Oh mia Italia. Sometimes I forget just how much of a majestic beauty you are. This trip to Piedmont has reminded me of just how incomprehensible is the magnificence of this country. I have greatly enjoyed my first day back to the Alps in quite some time. Santiago and I are staying at the beautiful Kempinski Pragelato Village and have spent every possible moment out in the snow. I had my first snowboarding lesson today and was doing quite well until one human's scent hit me like a ton of bricks and I lost my concentration. Santi had quite the laugh at my expense as I lay face down in the snow. For the rest of the day, I enjoyed taking it easy on some of the less difficult ski runs. San on the other hand, decided to show off for the mortals and had a good sized crowd watching him snowboard by the end of the evening. I shall have to remember to talk to him about blending in while we are not in the comfort of Volterra.
When the sun started to set, we left our equipment at the hotel and went to watch the sunset over Lake Maggiore. It was quite literally breathtaking, even for one who has no breath. I am determined to watch the sunrise tomorrow morning. After the sun had disappeared completely, San and I went for a leisurely walk with the moonlight reflecting on the snow around us. We certainly had a lot to discuss.

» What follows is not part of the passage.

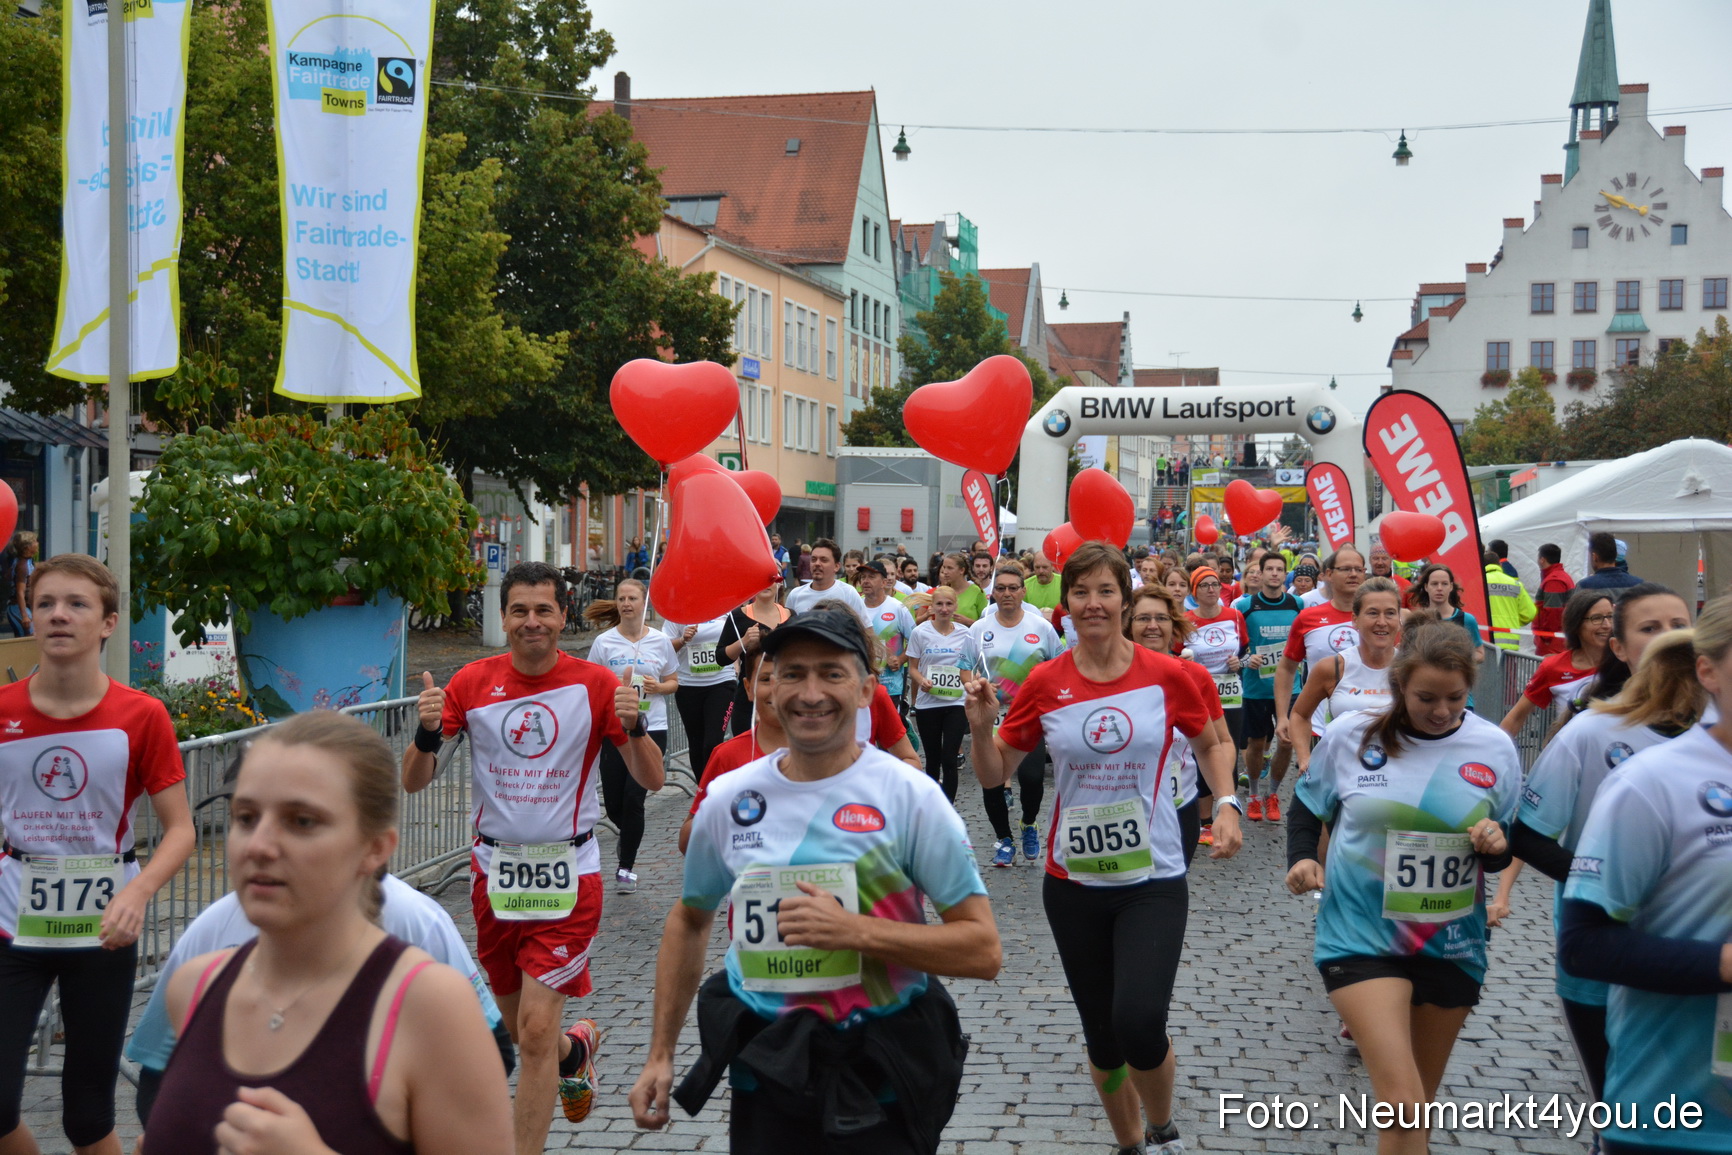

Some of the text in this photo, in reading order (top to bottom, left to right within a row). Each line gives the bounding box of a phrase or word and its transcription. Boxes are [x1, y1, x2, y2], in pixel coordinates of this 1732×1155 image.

For starters, we talked about our own personal histories. We've known some of each others, the basics, but never really the deep details. San knew more about mine, but he's always been very quiet about his past to all of the Volturi. I knew he had grown up in a broken and dysfunctional family. His father was an alcoholic and abusive towards his mother and himself, as well as his younger siblings. And yet his mother loved his father endlessly and couldn't bring herself to leave him. This was the first time the idea of love had left a bitter taste in his mouth. Santiago left his home as soon as possible and joined the Chilean navy. At the age of 23 he was serving aboard the Blanco Encalada when the Chilean Civil War began in 1891. He was one of the handful of crew members to survive when the "Blanco" sank, although just barely. He was taken to a hospital that was sympathetic towards the congressional rebels. There he met a pretty young nurse who helped him regain his strength. When he was healed, he went back to the congressional navy. He wrote to the nurse almost every day. He was sent to La Placilla where the final and decisive battle of the war was to take place. He didn't get her letter informing him that she, too, would be there tending to the wounded on the battle field until it was too late. He later found her body. She had been caught in the crossfire while tending to a wounded rebel soldier. The battle ended and the rebels had won. Santiago had sustained several minor injuries that would not have nearly killed him, had he sought medical attention. As distraught as he was and having no where to go but a broken home, he wandered from town to town until his strength gave out and he laid down to finally die. Fortunately, or unfortunately, however you view it, a nomadic vampire was passing through the same town. Santiago doesn't know who his creator was or why they took pity on him and changed him. He only remembers waking up to discover what he had become and decided to leave his metaphorical heart behind now that his physical heart was no longer beating.
I apologize for the lengthy sidetrack, but I feel it is necesary to understand both of our histories in order to fully comprehend the situation in which we now stand. Santiago has gone nearly 120 years without feeling the need to truly love anyone around him. I, on the other hand, swore to give my life to my God over 400 years ago and have never felt the need to go back on my promise. Neither of us know where we are headed. Was that kiss simply a result of the pressure getting to both of us and the fear of not seeing the other alive again? Are these feelings merely an illusion? The need for two lonely people to find someone to belong to? Or are they genuine? We don't know what to do now. I guess we'll just finish this trip and see where we go.